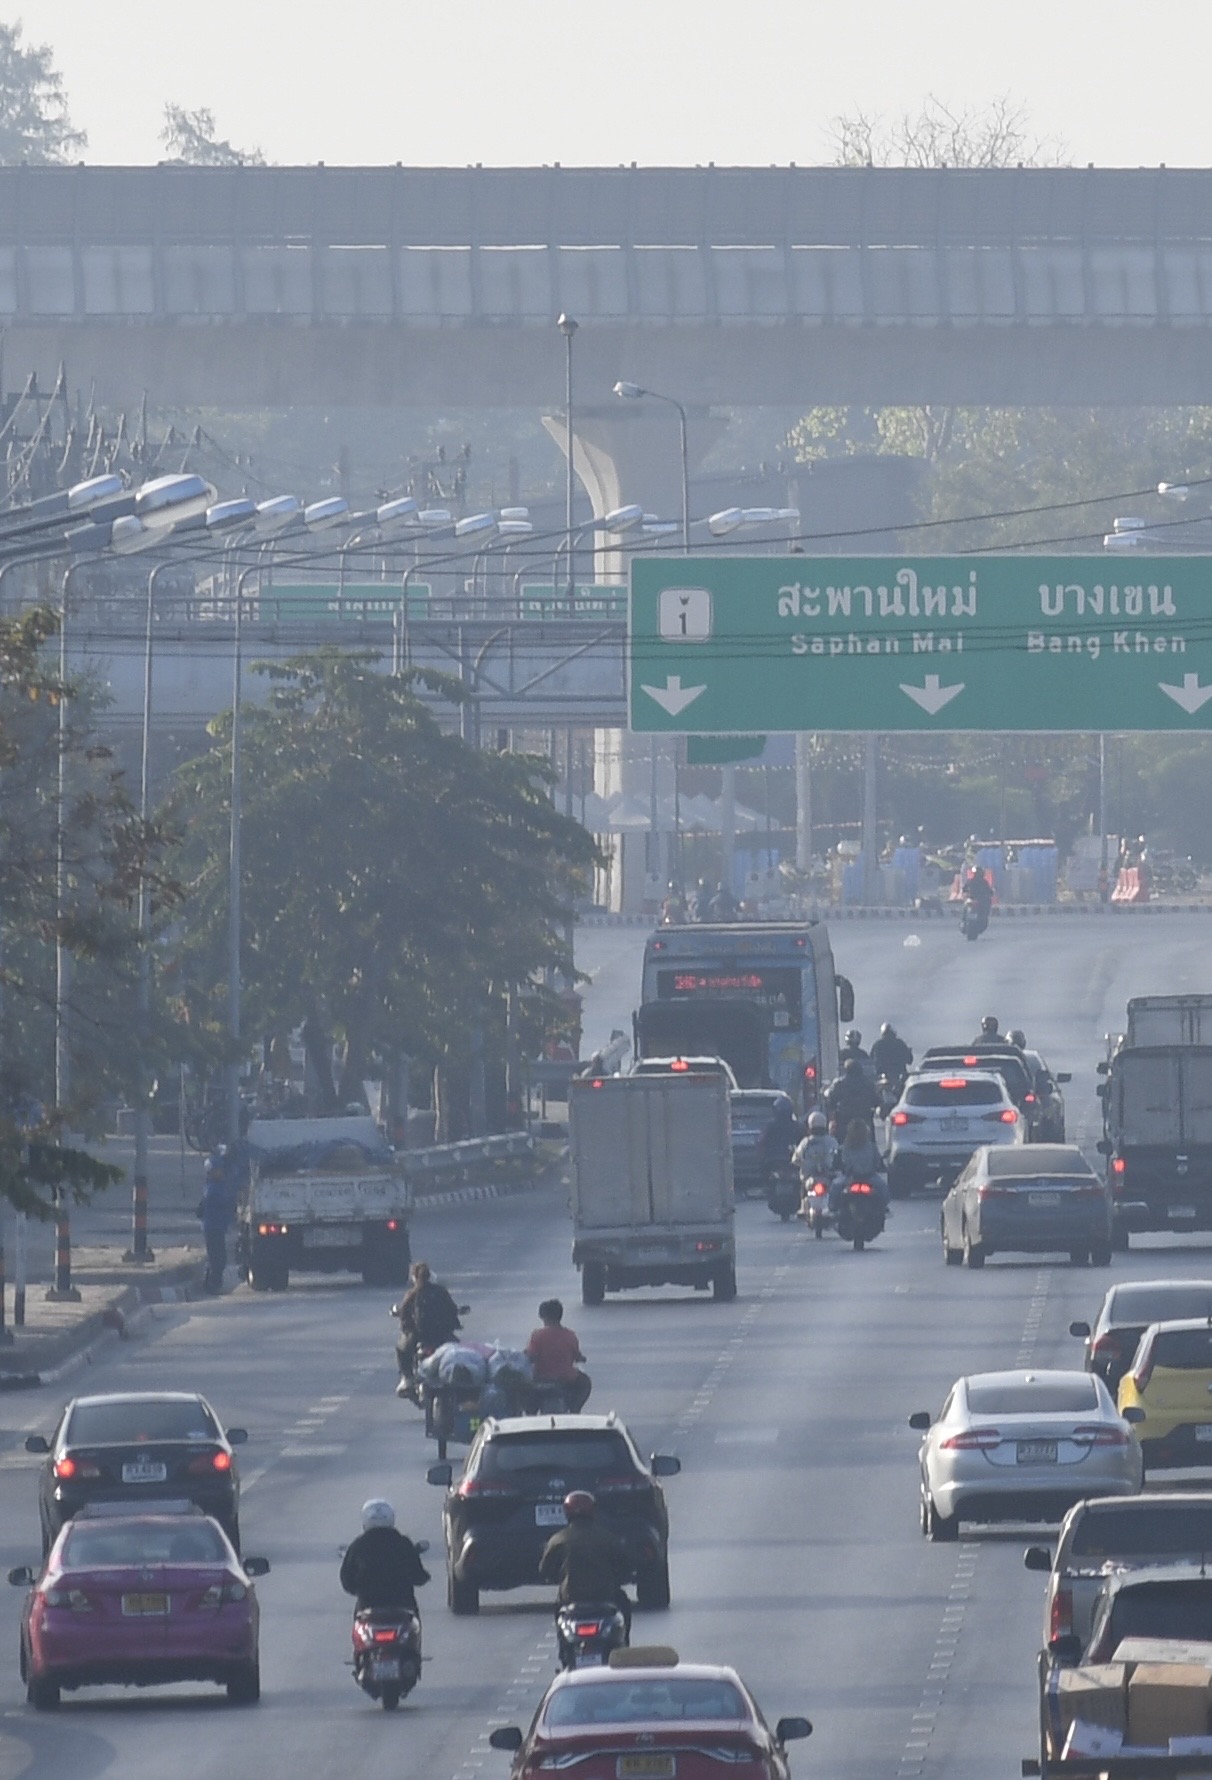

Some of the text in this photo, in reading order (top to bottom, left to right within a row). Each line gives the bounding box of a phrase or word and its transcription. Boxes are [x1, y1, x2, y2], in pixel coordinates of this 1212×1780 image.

[778, 569, 1177, 616] สะพานใหม่ บางเขน
[791, 631, 1186, 660] Saphan Mai Bang Khen
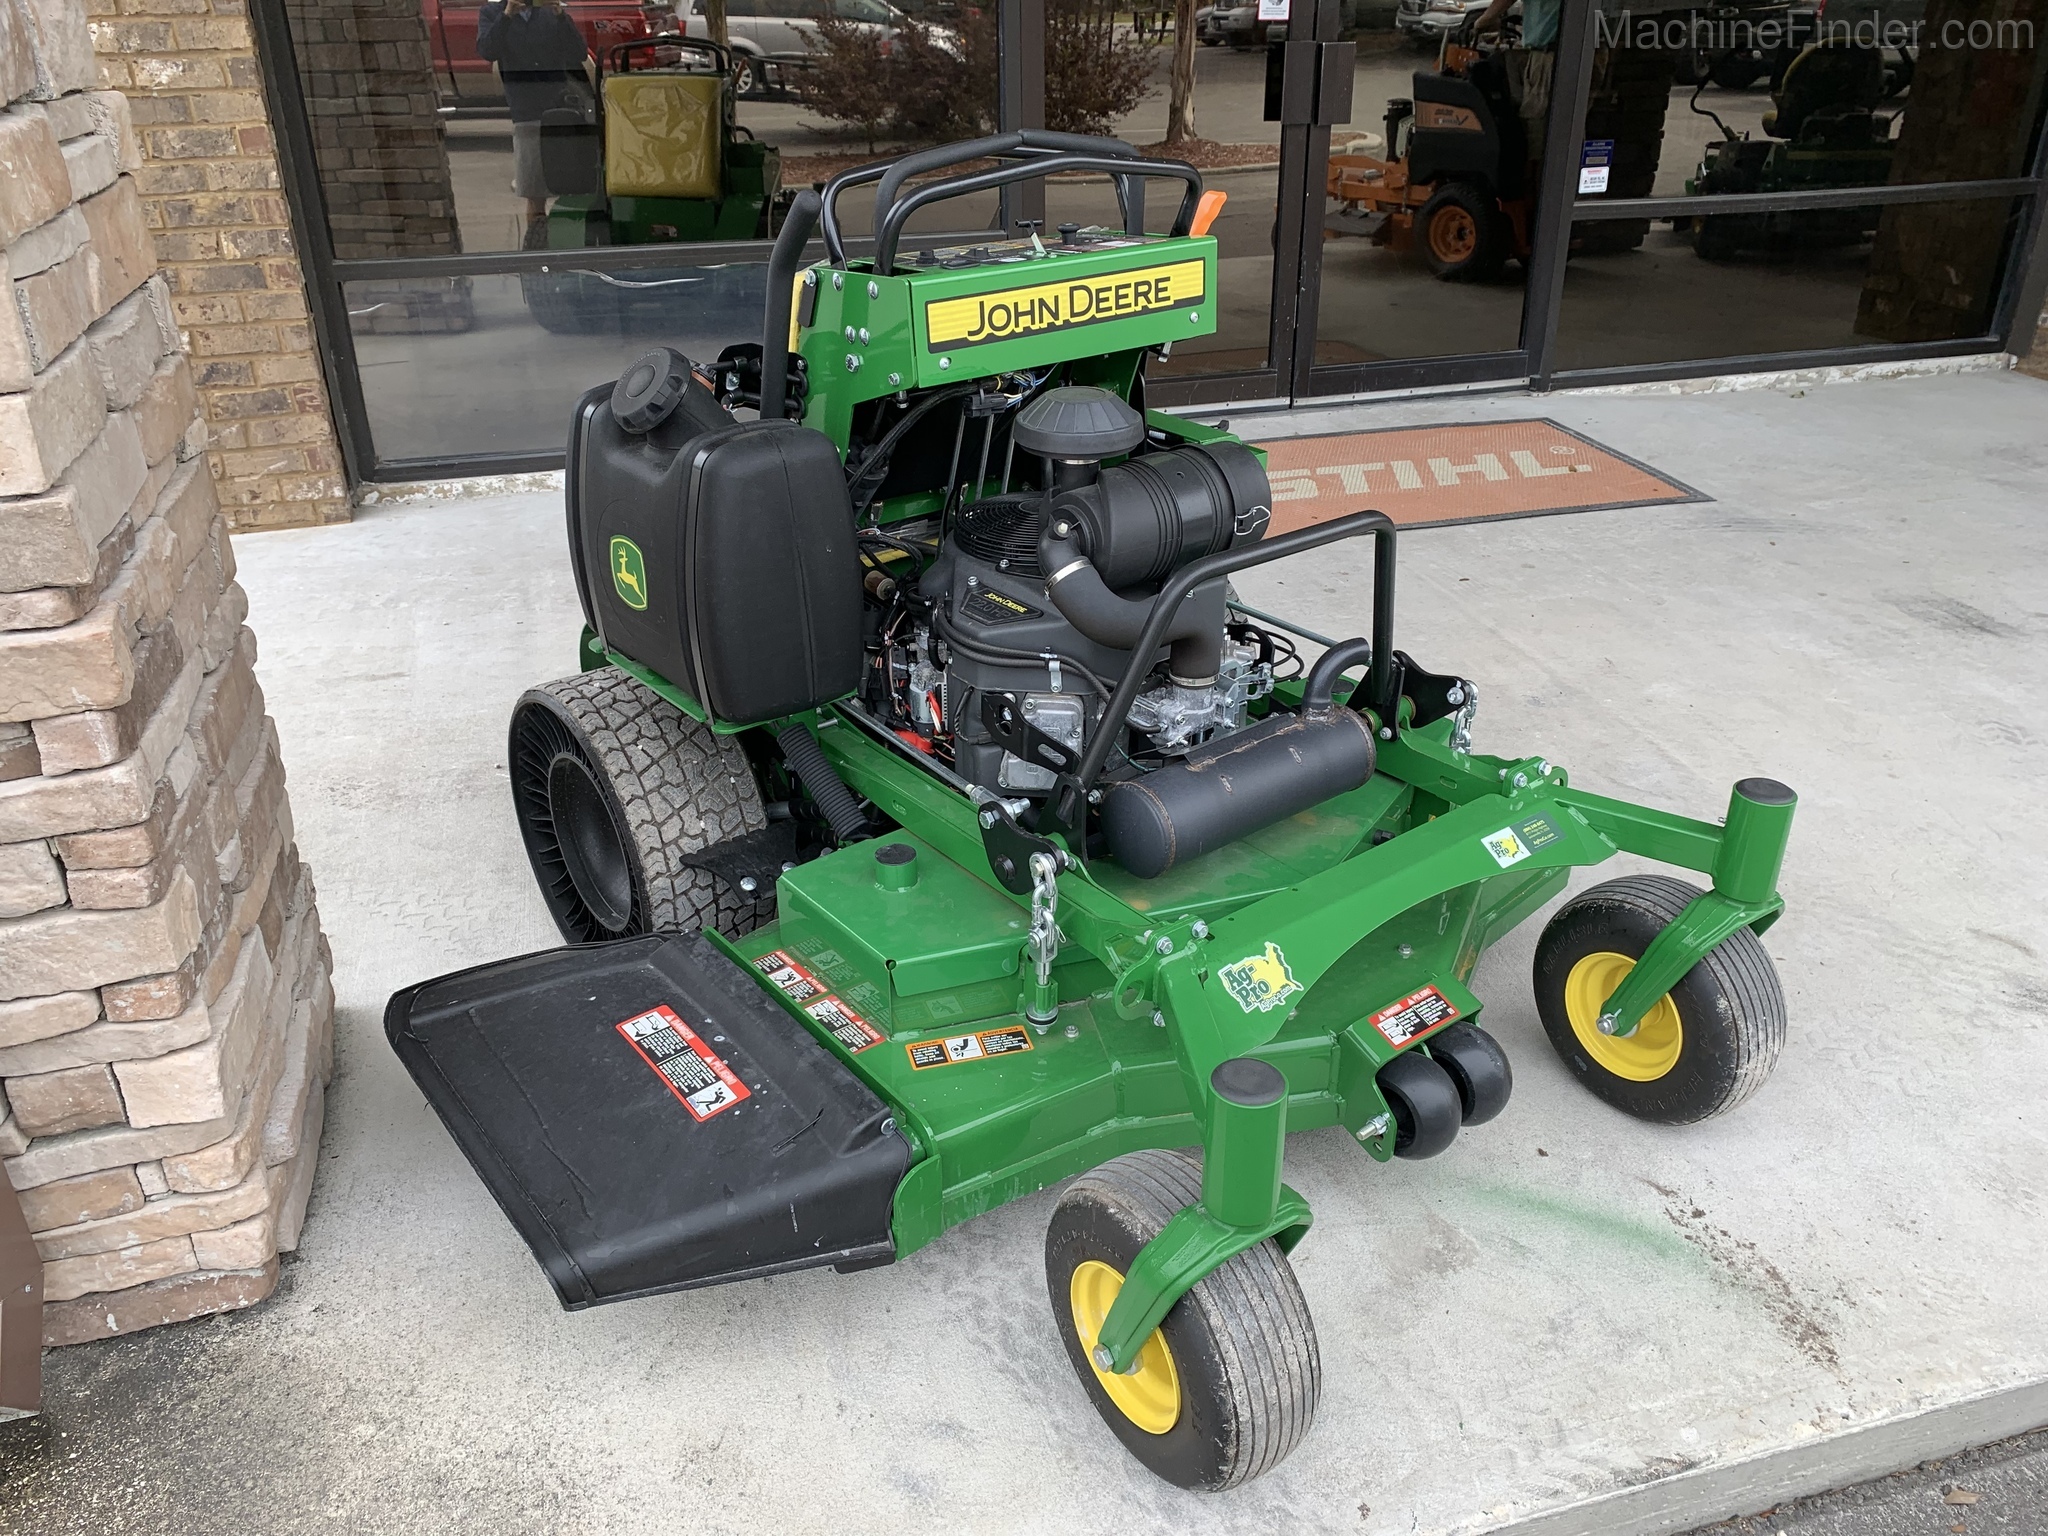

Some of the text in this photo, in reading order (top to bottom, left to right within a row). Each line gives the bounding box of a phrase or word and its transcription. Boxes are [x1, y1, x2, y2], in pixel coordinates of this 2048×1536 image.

[967, 276, 1172, 337] JOHN DEERE
[1266, 450, 1592, 502] STIHL
[984, 592, 1028, 614] JOHN DEERE
[1223, 965, 1256, 991] Ag-
[1235, 980, 1270, 1008] Pro
[1382, 1003, 1404, 1018] DANGER
[1411, 987, 1434, 1002] PELIGRO
[839, 1003, 856, 1018] DANGER
[860, 1023, 882, 1040] PELIGRO
[669, 1019, 696, 1040] DANGER
[710, 1060, 738, 1086] PELIGRO

· · ·

- [WORK ITEM]: The response consists of the data above printed line for line, with no pictures.

- [SOLUTION FOR THIS EXERCISE]:
Some of the text in this photo, in reading order (top to bottom, left to right within a row). Each line gives the bounding box of a phrase or word and its transcription. Boxes are [x1, y1, x2, y2], in pixel coordinates of this 1212×1780 image.

[778, 569, 1177, 616] สะพานใหม่ บางเขน
[791, 631, 1186, 660] Saphan Mai Bang Khen

Some of the text in this photo, in reading order (top to bottom, left to right within a row). Each line gives the bounding box of a phrase or word and its transcription. Boxes are [x1, y1, x2, y2], in pixel coordinates of this 2048×1536 image.

[967, 276, 1172, 337] JOHN DEERE
[1266, 450, 1592, 502] STIHL
[984, 592, 1028, 614] JOHN DEERE
[1223, 965, 1256, 991] Ag-
[1235, 980, 1270, 1008] Pro
[1382, 1003, 1404, 1018] DANGER
[1411, 987, 1434, 1002] PELIGRO
[839, 1003, 856, 1018] DANGER
[860, 1023, 882, 1040] PELIGRO
[669, 1019, 696, 1040] DANGER
[710, 1060, 738, 1086] PELIGRO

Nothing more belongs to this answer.